[Opening PROVIDED ENTRIES section]

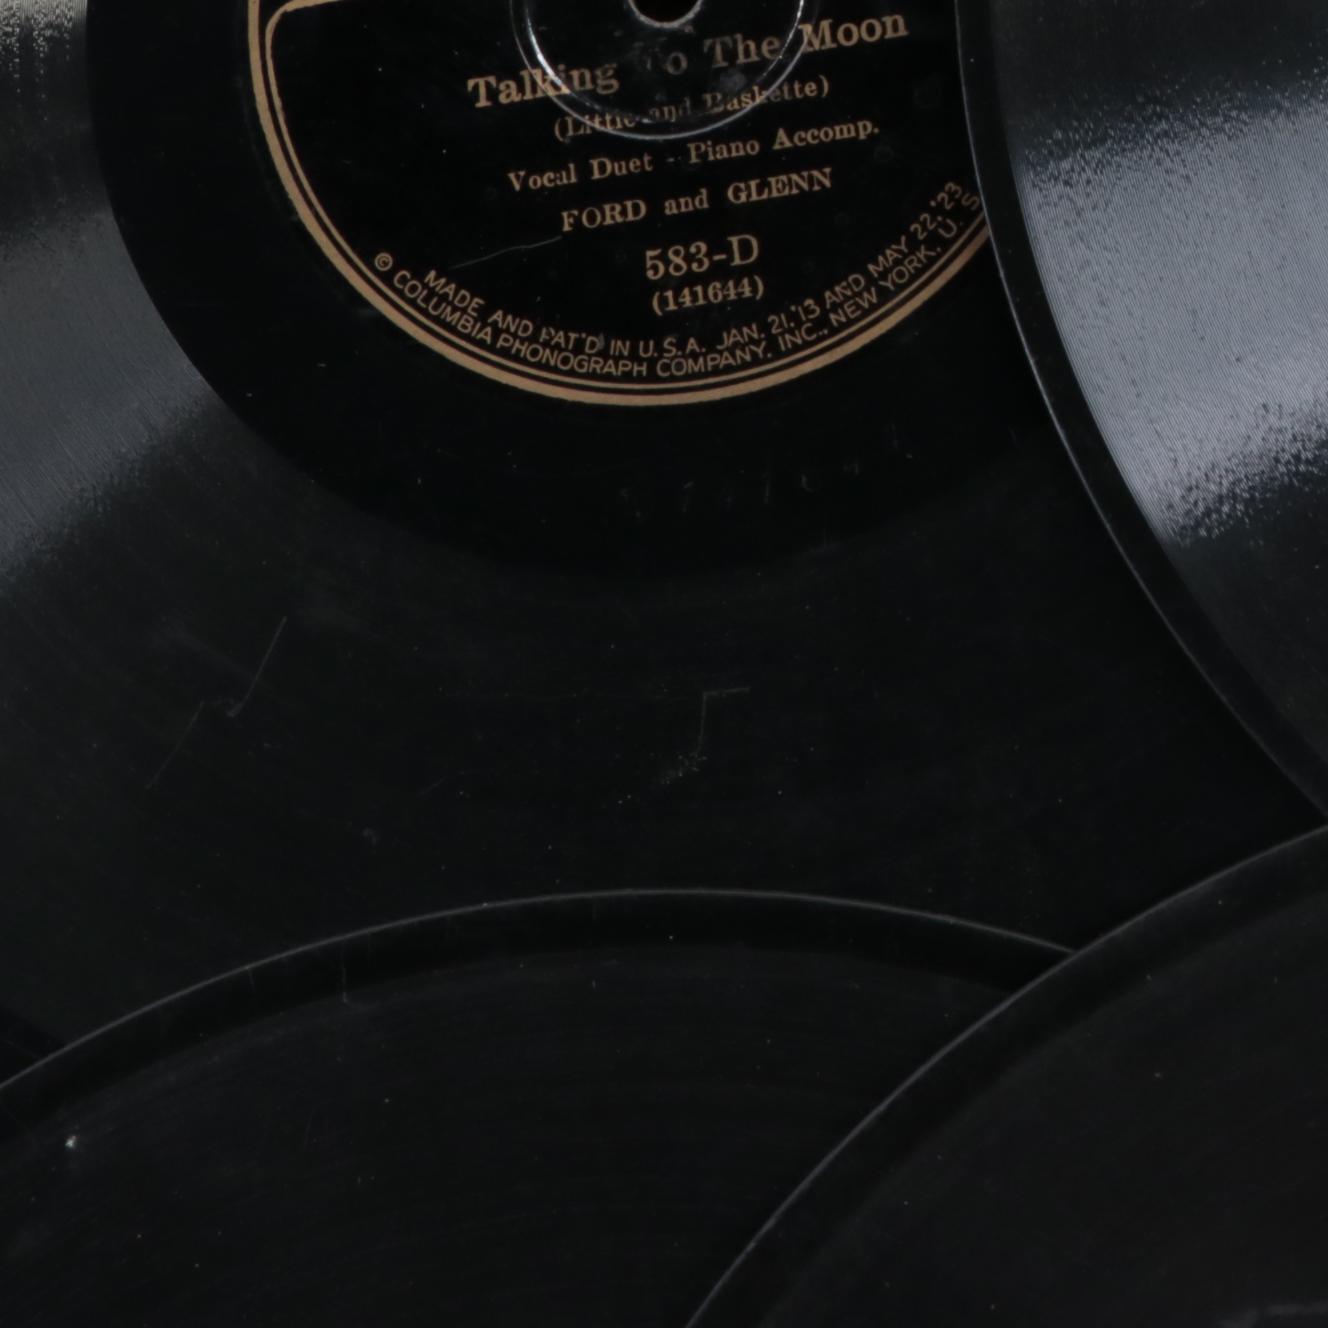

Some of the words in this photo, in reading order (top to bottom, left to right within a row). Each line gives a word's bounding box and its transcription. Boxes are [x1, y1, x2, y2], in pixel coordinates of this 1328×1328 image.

[467, 63, 621, 109] Talking
[703, 30, 782, 69] The
[798, 13, 909, 53] Moon
[508, 164, 578, 193] Vocal
[589, 155, 654, 180] Duet
[687, 138, 760, 165] Piano
[772, 118, 880, 151] Accomp.
[561, 199, 647, 233] FORD
[664, 189, 710, 217] and
[727, 167, 833, 205] GLENN
[645, 233, 760, 281] 583-D
[392, 269, 493, 345] COLUMBIA
[496, 332, 648, 378] PHONOGRAPH
[829, 287, 880, 327] NEW
[424, 269, 485, 317] MADE
[487, 309, 534, 338] AND
[609, 338, 631, 356] IN
[716, 323, 766, 352] JAN.
[823, 273, 867, 309] AND
[867, 234, 910, 279] MAY
[652, 275, 765, 316] (141644)
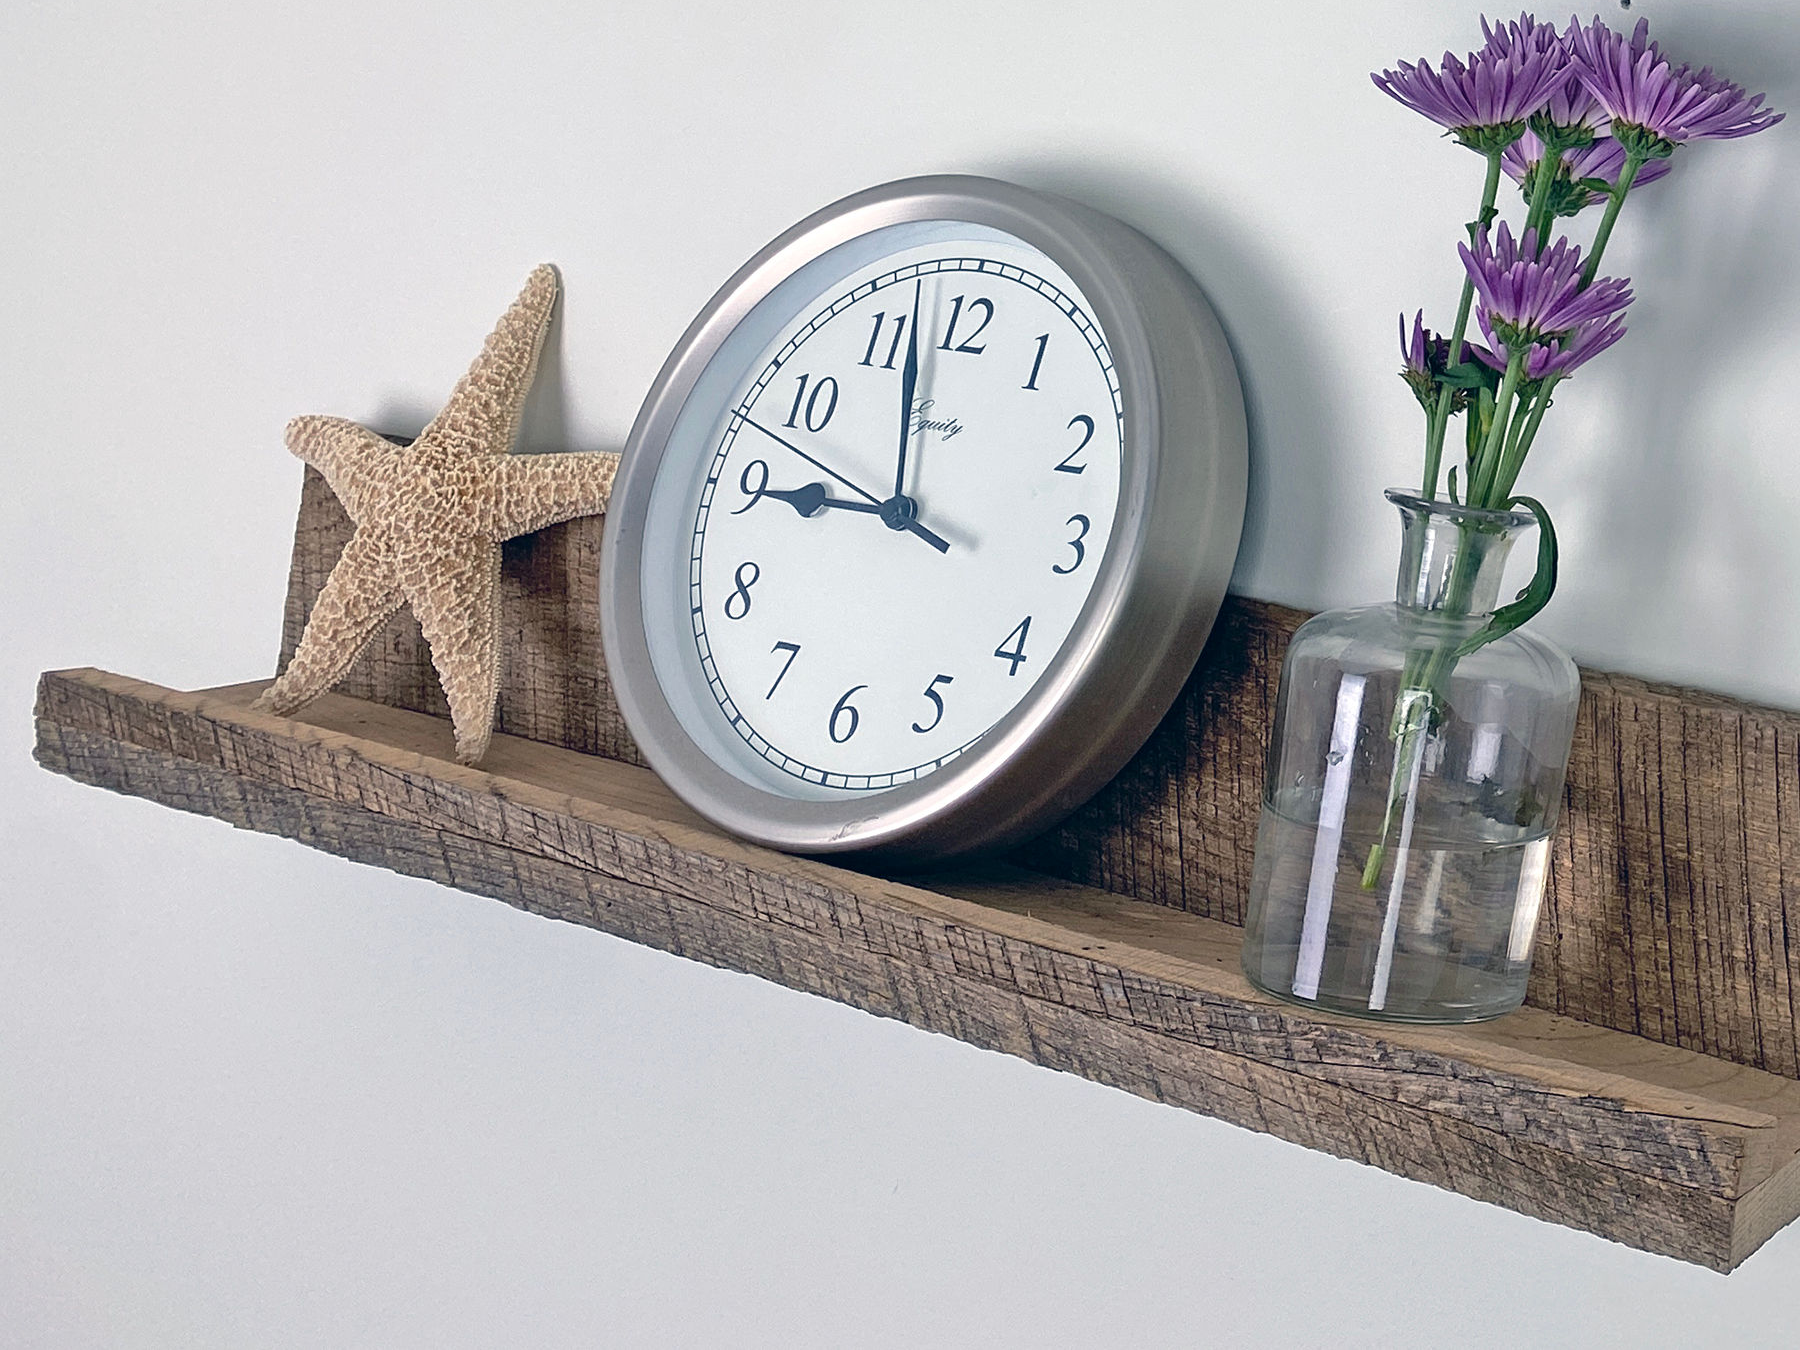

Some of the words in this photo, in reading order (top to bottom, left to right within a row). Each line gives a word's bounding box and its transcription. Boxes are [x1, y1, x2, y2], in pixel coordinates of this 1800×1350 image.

[857, 311, 908, 371] 11
[936, 294, 994, 355] 12
[1021, 333, 1050, 391] 1
[781, 373, 839, 433] 10
[1053, 414, 1095, 475] 2
[730, 460, 770, 515] 9
[1052, 514, 1091, 575] 3
[724, 561, 760, 620] 8
[765, 640, 801, 700] 7
[993, 615, 1032, 677] 4
[828, 685, 869, 744] 6
[911, 674, 954, 734] 5

[Closing PROVIDED ENTRIES section]

- YOUR GOAL
From the first line to the last, copy the records above exactly and drop any pictures.

- WRITTEN SOLUTION
Some of the words in this photo, in reading order (top to bottom, left to right within a row). Each line gives a word's bounding box and its transcription. Boxes are [x1, y1, x2, y2], in pixel coordinates of this 1328×1328 image.

[467, 63, 621, 109] Talking
[703, 30, 782, 69] The
[798, 13, 909, 53] Moon
[508, 164, 578, 193] Vocal
[589, 155, 654, 180] Duet
[687, 138, 760, 165] Piano
[772, 118, 880, 151] Accomp.
[561, 199, 647, 233] FORD
[664, 189, 710, 217] and
[727, 167, 833, 205] GLENN
[645, 233, 760, 281] 583-D
[392, 269, 493, 345] COLUMBIA
[496, 332, 648, 378] PHONOGRAPH
[829, 287, 880, 327] NEW
[424, 269, 485, 317] MADE
[487, 309, 534, 338] AND
[609, 338, 631, 356] IN
[716, 323, 766, 352] JAN.
[823, 273, 867, 309] AND
[867, 234, 910, 279] MAY
[652, 275, 765, 316] (141644)

Some of the words in this photo, in reading order (top to bottom, left to right within a row). Each line gives a word's bounding box and its transcription. Boxes are [x1, y1, x2, y2], in pixel coordinates of this 1800×1350 image.

[857, 311, 908, 371] 11
[936, 294, 994, 355] 12
[1021, 333, 1050, 391] 1
[781, 373, 839, 433] 10
[1053, 414, 1095, 475] 2
[730, 460, 770, 515] 9
[1052, 514, 1091, 575] 3
[724, 561, 760, 620] 8
[765, 640, 801, 700] 7
[993, 615, 1032, 677] 4
[828, 685, 869, 744] 6
[911, 674, 954, 734] 5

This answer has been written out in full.